| WHAT YOU WILL DO |
Pictures in the records are to be excluded from an otherwise exact copy.

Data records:
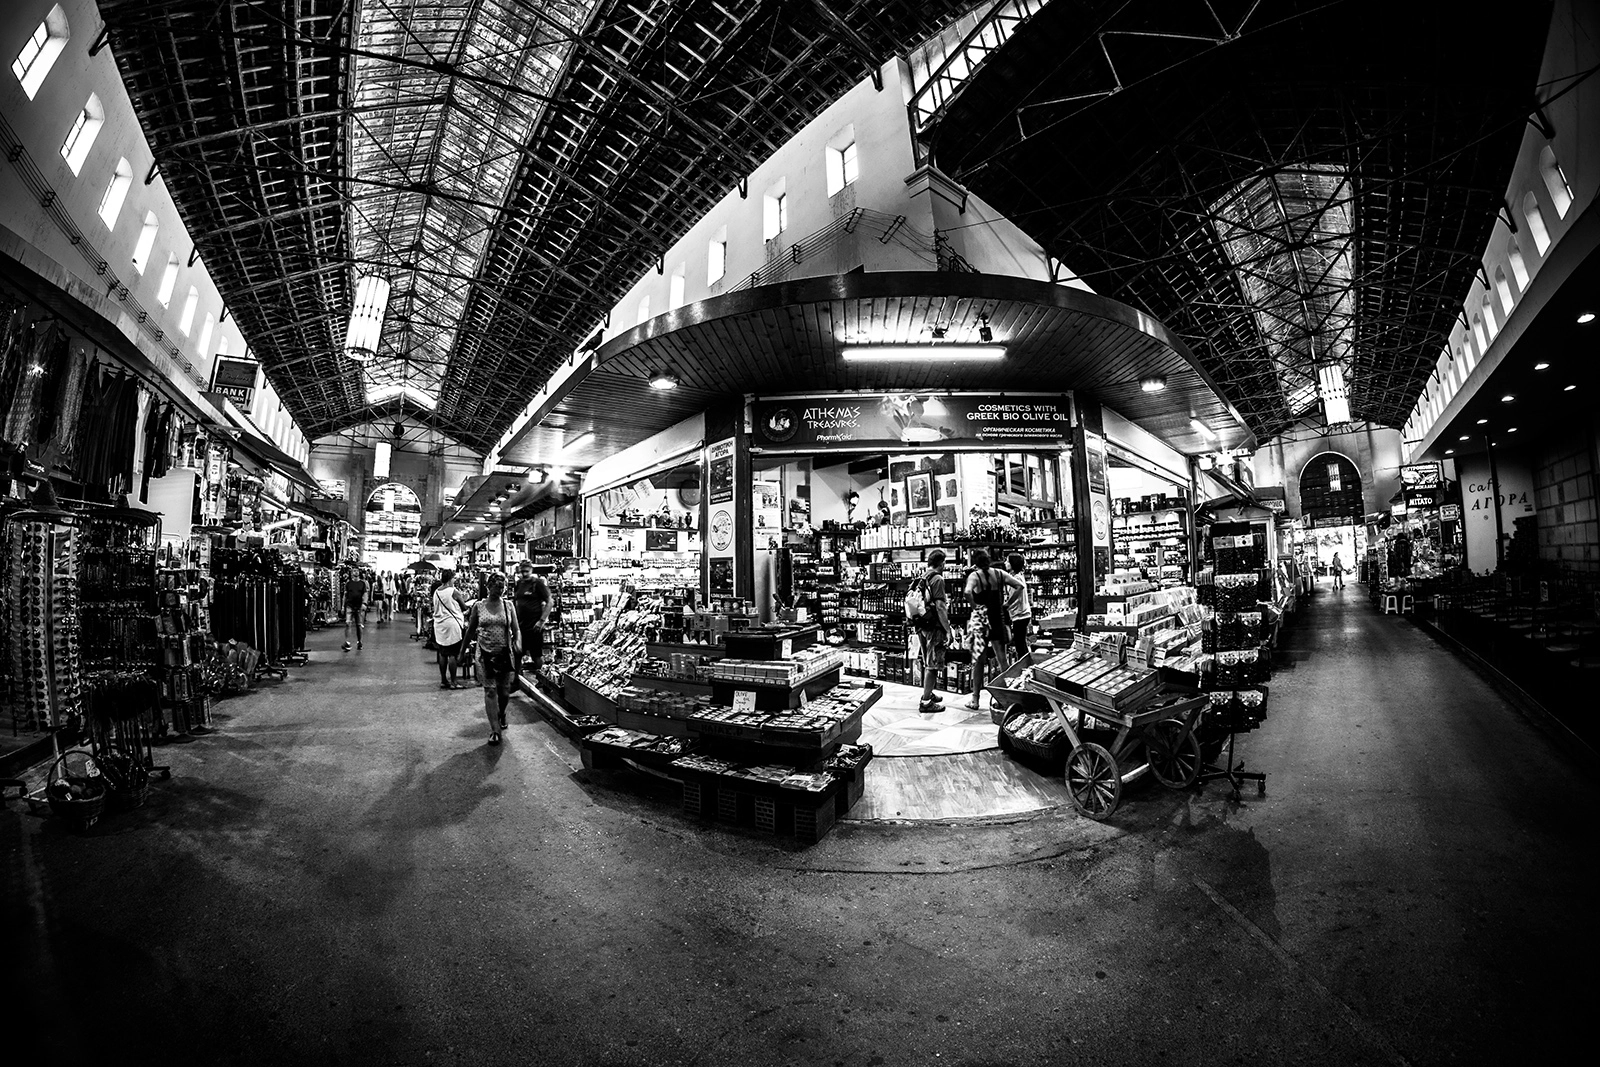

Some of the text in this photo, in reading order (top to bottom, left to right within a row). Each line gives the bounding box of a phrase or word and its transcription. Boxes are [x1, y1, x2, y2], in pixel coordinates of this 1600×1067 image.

[215, 386, 245, 397] BANK
[803, 406, 861, 420] ATHENA'S
[978, 404, 1031, 412] COSMETICS
[966, 412, 1069, 421] GREEK BIO OLIVE OIL
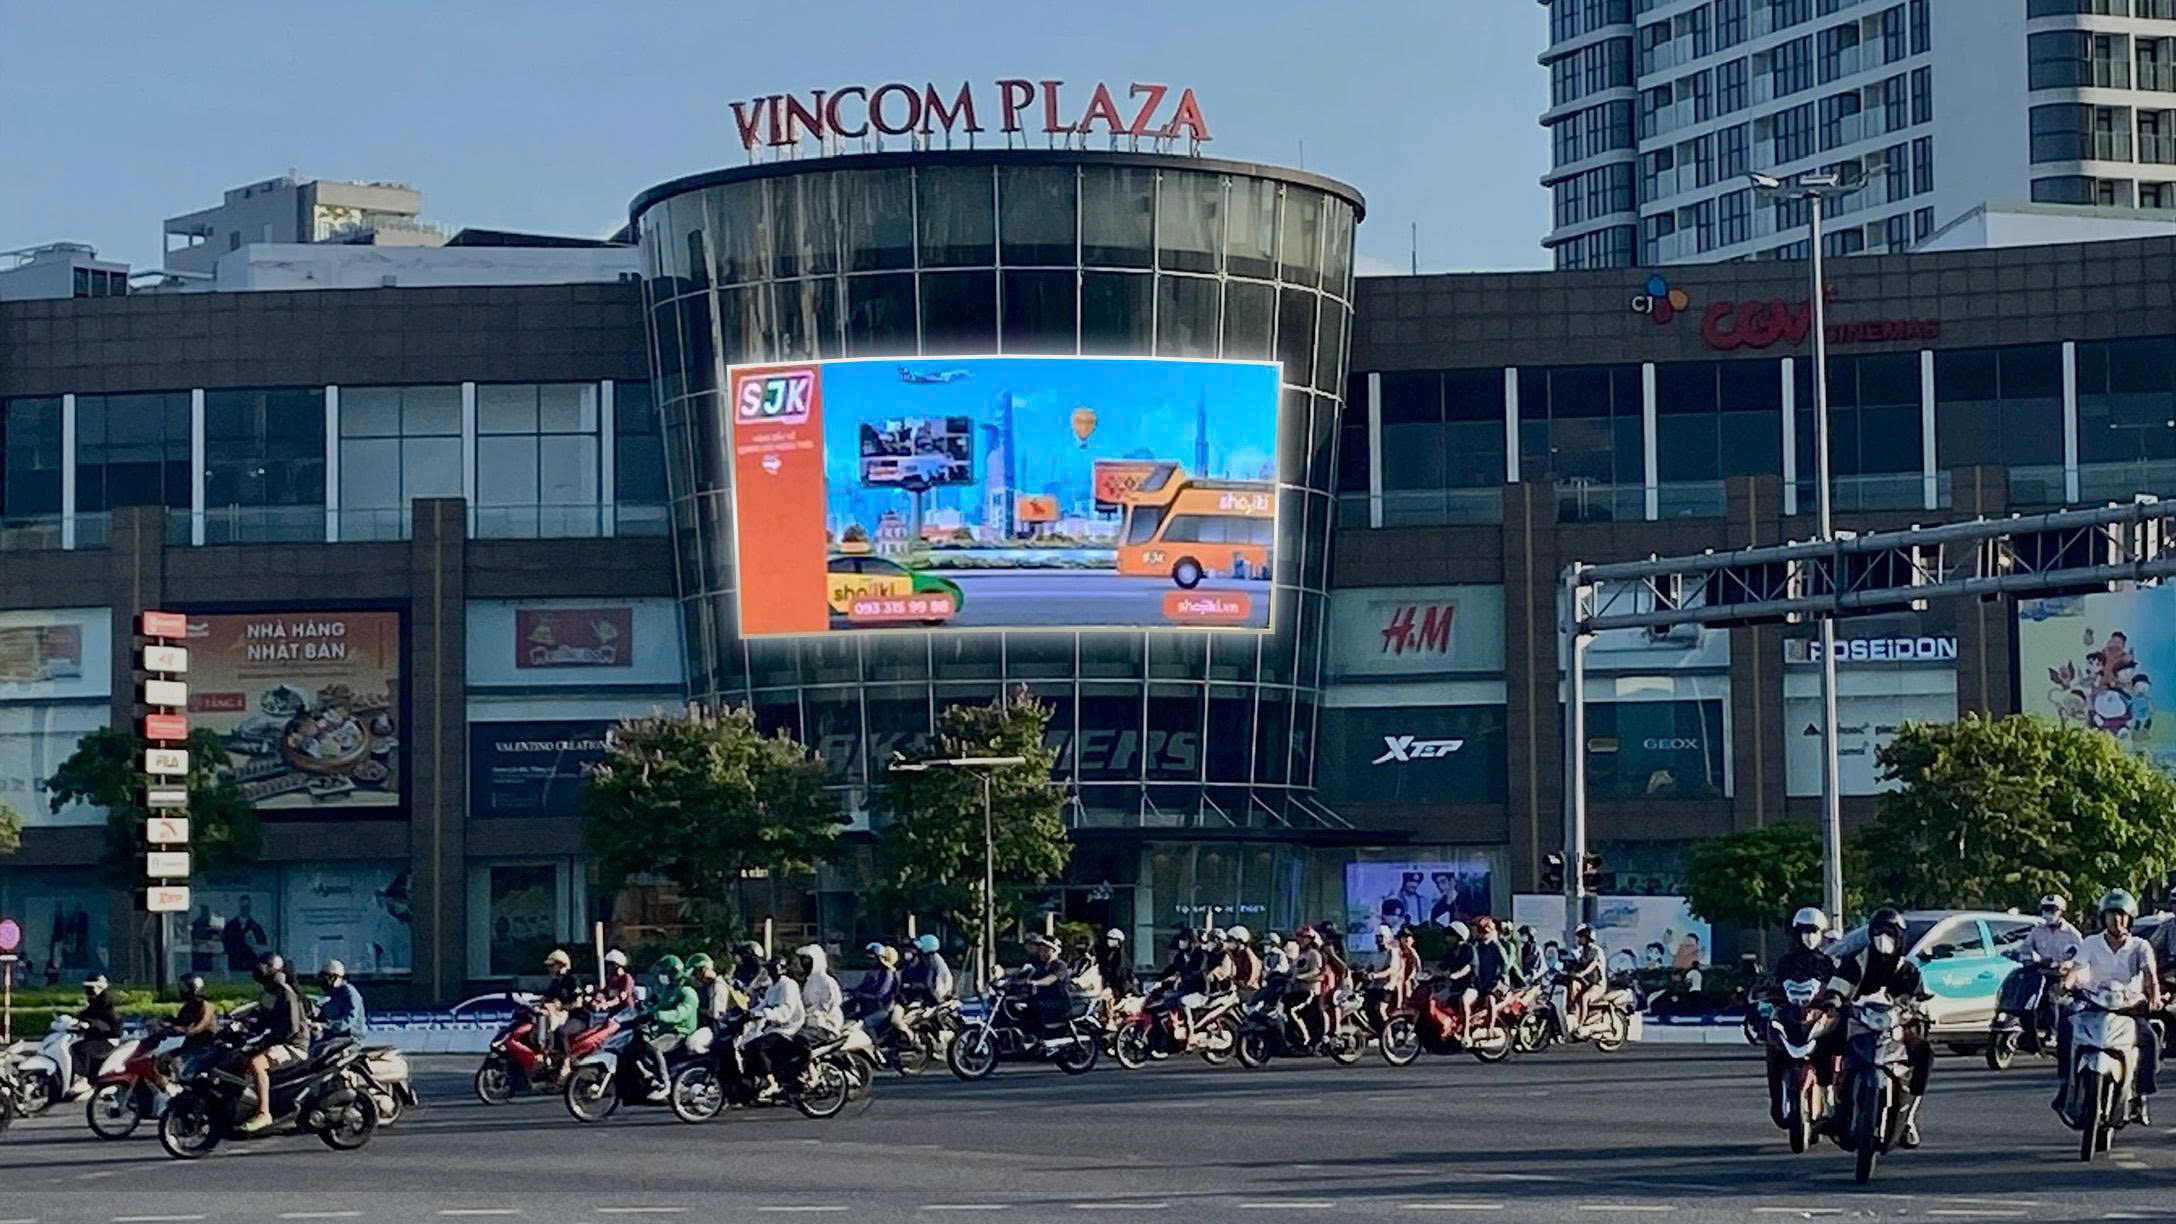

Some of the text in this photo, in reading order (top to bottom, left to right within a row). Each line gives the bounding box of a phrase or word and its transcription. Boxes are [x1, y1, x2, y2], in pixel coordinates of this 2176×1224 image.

| ANSWER BOX |
Some of the text in this photo, in reading order (top to bottom, left to right within a row). Each line gives the bounding box of a phrase or word and its transcription. Boxes are [x1, y1, x2, y2], in pixel coordinates of this 1600×1067 image.

[215, 386, 245, 397] BANK
[803, 406, 861, 420] ATHENA'S
[978, 404, 1031, 412] COSMETICS
[966, 412, 1069, 421] GREEK BIO OLIVE OIL

Some of the text in this photo, in reading order (top to bottom, left to right within a row). Each line gives the bounding box of a phrase or word and its transcription. Boxes are [x1, y1, x2, y2], in pixel coordinates of this 2176×1224 image.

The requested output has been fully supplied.